US revises its airport checks after protests
The Obama administration said yesterday it would no longer impose extra airport screening on all travellers from "terror-prone" Muslim nations after protests from allies that are on the list.
The US will instead use a tailored system that profiles individual travellers based on intelligence and factors including their physical description and travel patterns.
Officials said the system would result in fewer passengers being pulled aside when travelling to America.
The US imposed extra checks on travellers from 14 "terror-prone" countries -- 13 largely Muslim nations and Cuba -- after Umar Farouk Abdulmutallab, a Nigerian, allegedly tried to detonate an "underwear bomb" on a flight from Amsterdam to Detroit on Christmas Day.
Passport holders and passengers from those countries were required to undergo full-body pat-downs and baggage searches as part of extra screening.
Under the new system, which starts this month, travellers will be singled out for extra pre-flight screening based on specific information. Security agents will try to connect intelligence about a suspect's nationality, movements, age, appearance and other characteristics -- even if their name is not known.
If US intelligence learns, for example, that terror groups are recruiting college-age men who have visited Asia and the Middle East, then anyone matching that description will be pulled aside.

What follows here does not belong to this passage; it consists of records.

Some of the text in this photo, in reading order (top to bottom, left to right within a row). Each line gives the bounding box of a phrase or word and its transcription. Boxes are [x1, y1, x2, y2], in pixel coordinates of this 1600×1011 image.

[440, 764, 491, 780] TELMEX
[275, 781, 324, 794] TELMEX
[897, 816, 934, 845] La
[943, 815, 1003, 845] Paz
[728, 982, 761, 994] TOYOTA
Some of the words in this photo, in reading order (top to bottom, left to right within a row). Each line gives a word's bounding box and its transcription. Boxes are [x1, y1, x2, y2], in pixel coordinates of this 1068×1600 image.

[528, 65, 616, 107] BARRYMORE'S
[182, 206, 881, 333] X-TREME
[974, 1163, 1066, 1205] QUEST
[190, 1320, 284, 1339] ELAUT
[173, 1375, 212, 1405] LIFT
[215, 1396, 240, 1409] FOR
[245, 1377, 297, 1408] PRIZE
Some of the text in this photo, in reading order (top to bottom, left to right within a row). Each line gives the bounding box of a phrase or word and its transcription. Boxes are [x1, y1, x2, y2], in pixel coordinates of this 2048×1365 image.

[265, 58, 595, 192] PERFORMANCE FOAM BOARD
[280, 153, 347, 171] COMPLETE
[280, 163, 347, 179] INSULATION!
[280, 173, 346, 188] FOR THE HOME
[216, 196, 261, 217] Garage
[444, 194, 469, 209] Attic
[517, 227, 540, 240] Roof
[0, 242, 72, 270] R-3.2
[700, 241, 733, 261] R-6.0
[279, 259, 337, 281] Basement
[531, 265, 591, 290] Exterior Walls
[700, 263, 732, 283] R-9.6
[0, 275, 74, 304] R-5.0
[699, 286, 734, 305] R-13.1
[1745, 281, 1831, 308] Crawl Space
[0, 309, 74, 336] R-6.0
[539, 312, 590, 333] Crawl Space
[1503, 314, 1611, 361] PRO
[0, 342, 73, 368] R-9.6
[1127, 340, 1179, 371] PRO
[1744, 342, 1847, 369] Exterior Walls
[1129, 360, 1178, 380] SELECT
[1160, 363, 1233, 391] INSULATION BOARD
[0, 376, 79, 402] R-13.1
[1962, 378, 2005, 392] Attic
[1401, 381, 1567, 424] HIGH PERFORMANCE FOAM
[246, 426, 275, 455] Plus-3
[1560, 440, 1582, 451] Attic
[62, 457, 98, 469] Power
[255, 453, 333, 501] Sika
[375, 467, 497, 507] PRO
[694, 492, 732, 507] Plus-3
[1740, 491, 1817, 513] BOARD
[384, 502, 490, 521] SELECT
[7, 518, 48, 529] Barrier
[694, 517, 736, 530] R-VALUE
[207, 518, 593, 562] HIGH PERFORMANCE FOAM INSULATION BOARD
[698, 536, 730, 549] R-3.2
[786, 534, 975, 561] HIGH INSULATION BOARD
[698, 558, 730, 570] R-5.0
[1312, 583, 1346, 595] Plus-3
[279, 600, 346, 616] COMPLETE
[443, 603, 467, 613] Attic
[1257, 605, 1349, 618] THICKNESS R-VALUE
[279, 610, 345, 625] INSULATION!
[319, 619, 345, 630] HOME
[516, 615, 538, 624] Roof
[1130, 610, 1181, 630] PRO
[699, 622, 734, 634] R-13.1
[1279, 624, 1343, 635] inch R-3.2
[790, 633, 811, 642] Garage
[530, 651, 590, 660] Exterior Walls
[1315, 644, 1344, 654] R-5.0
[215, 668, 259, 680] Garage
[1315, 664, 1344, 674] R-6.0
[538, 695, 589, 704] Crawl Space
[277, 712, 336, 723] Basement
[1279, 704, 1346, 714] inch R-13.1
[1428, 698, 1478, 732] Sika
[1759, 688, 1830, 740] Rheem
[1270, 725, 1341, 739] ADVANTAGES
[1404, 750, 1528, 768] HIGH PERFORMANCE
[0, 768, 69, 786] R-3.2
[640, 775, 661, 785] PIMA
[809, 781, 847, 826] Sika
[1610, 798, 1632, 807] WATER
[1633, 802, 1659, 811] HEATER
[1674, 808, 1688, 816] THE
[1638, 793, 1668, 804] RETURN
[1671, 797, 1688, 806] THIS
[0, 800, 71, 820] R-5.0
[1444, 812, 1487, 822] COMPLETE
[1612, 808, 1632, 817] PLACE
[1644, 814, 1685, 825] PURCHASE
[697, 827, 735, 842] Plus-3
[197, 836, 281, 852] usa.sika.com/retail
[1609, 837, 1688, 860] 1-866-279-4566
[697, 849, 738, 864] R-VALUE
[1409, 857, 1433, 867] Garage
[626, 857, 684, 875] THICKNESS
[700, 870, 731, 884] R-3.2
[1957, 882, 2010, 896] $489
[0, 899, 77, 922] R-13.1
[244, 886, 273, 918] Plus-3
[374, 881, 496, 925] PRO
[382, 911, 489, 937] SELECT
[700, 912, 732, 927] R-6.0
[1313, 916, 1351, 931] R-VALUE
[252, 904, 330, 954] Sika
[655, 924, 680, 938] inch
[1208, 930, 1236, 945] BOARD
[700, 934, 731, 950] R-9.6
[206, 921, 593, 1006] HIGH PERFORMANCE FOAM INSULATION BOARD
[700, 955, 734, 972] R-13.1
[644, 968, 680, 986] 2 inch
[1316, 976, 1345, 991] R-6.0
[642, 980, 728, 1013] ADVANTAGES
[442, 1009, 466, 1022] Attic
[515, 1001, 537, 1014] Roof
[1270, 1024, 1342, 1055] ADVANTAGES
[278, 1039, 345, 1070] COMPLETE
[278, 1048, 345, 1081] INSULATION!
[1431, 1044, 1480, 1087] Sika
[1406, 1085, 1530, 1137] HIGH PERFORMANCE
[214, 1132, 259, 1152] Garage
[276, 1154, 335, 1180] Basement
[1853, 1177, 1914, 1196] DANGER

Until now, the only information checked before boarding was the passenger's name, date of birth and nationality. A more detailed profile of a traveller's details such as where he bought his ticket or obtained his visa is checked by US customs only once the aircraft is in the air.
The new system will apply to travellers of any nationality, even US citizens.
"It is designed to be much more tailored, so that we don't stop everybody coming from a certain country, because that information is out. And if I'm a terrorist, the last thing I want to do then is send somebody with this passport going that way," an administration official, anonymous for security reasons, said.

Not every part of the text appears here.